The deadly events in Charlottesville, where a white supremacist killed Heather Heyer and injured several others after a Unite the Right rally, have created a free speech reckoning for many, myself included.  After much thought, I have landed on the following ideas as ways forward.

Let’s not abandon viewpoint neutrality.  In an age where our President seeks to uncover the identifies of those who visit a website that coordinates protests against him, our First Amendment protections are more important than ever.  Indeed, in these dark times, our uniquely robust free speech protections are one of the few things that make me proud to be an American.
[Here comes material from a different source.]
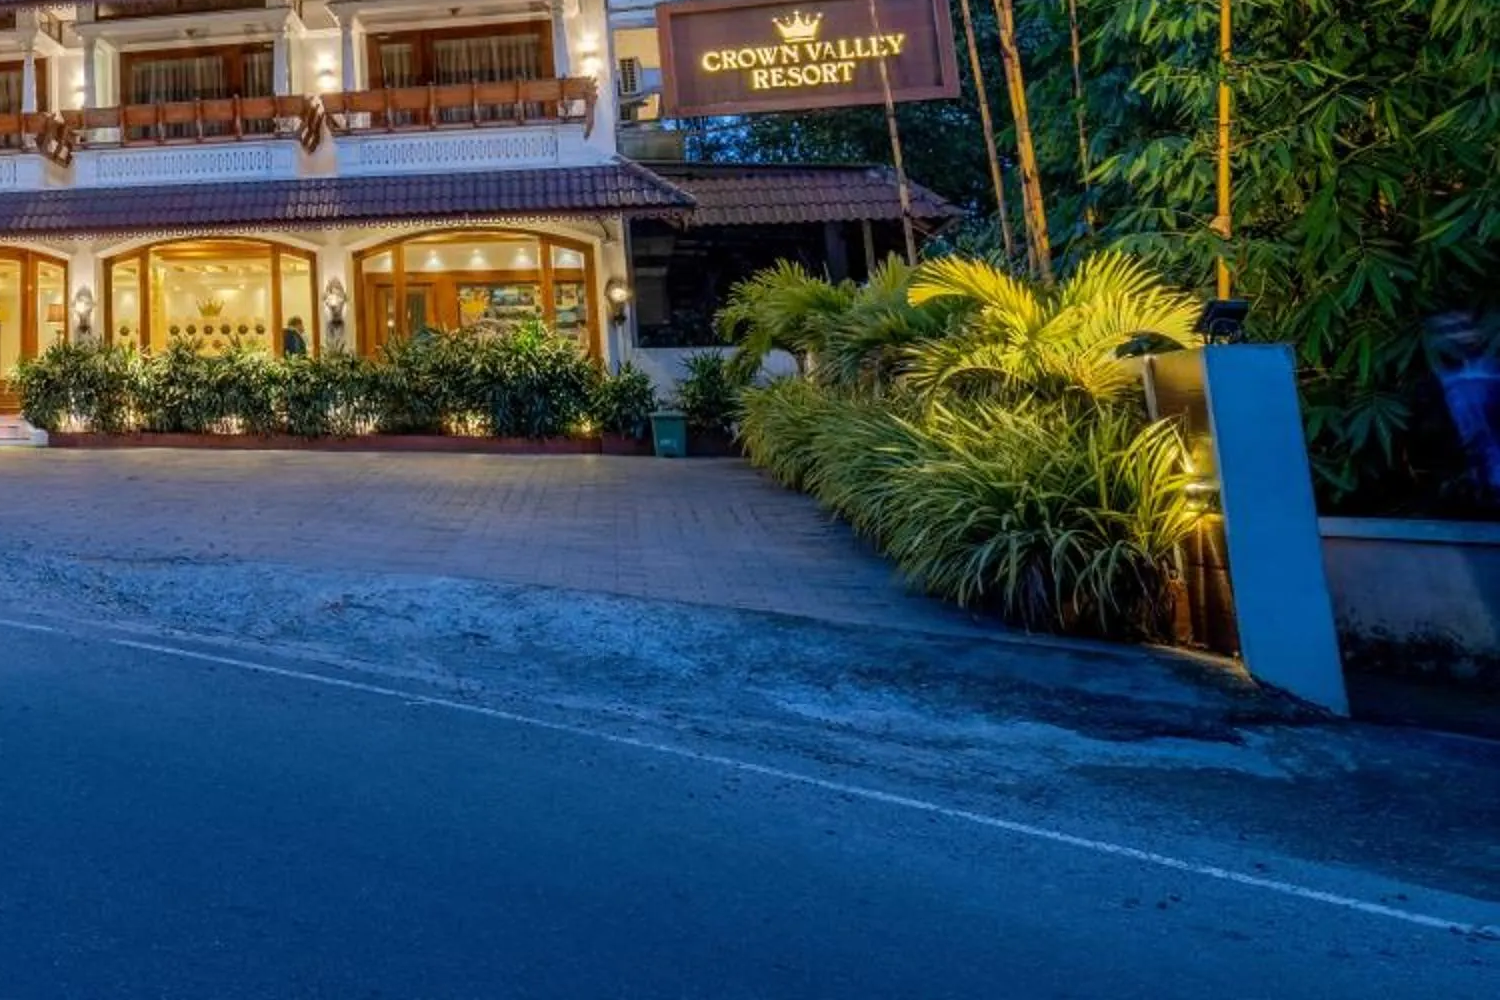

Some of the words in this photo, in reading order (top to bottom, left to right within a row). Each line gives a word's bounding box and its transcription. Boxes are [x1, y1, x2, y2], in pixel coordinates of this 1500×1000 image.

[703, 45, 799, 72] CROWN
[806, 34, 905, 61] VALLEY
[752, 61, 855, 89] RESORT
Unlike other countries, this country was built on the idea that the government – including public universities – cannot discriminate in the allocation of rights and benefits based on viewpoint.  Even “hate speech” is constitutionally protected in this country, and we should educate those misinforming people about their rights.  Universities cannot discriminate against student groups who wish to host speakers with offensive views, and cities and states cannot refuse to allow rallies based on the ideology of those seeking to march.

Let’s draw clear, principled lines between peaceful protest and violence and intimidation.  Of course, Charlottesville complicates these truths.  White supremacists holding torches, perhaps purposely emulating a lynch mob, create an atmosphere that doesn’t feel like a peaceful protest.  If protests are intended to create fear of violence, they can be restricted, although I do not think the Unite the Right rally met this high standard.  The Holocaust survivors in Skokie likely felt threatened as well by neo-Nazis bearing the swastika, the symbol of the death of their relatives.  The First Amendment requires an objective metric for when something is a threat – and an intent to intimidate.  That said, many of these protesters in Charlottesville came armed with guns or sticks.  The First Amendment guarantees the right to peaceful protest, but does not allow violent or destructive rallies.

Other public universities and cities are now cancelling rallies that appear similar to the one that occurred in Charlottesville.  These issues will likely end up in court.  My current view is that white supremacists, or White Lives Matter folks, or those opposed to increased diversity measures or immigration (I have trouble understanding the ethos of some of these rallies, which are a mélange of hard core and softer core white supremacists)  retain the right to peacefully protest.  They must demonstrate, however, that they encourage a peaceful protest.  Texas A & M has cancelled a rally because the organizers advertised the rally as “TODAY CHARLOTTESVILLE TOMORROW TEXAS A&M.”  Given that billing, the decision to cancel the rally over safety concerns may be constitutional.  Incitement requires an intent and likelihood to provoke imminent violent action.  Calling for a repeat of a deadly rally may, indeed, meet this standard, although I am loathe to lower the high bar for incitement.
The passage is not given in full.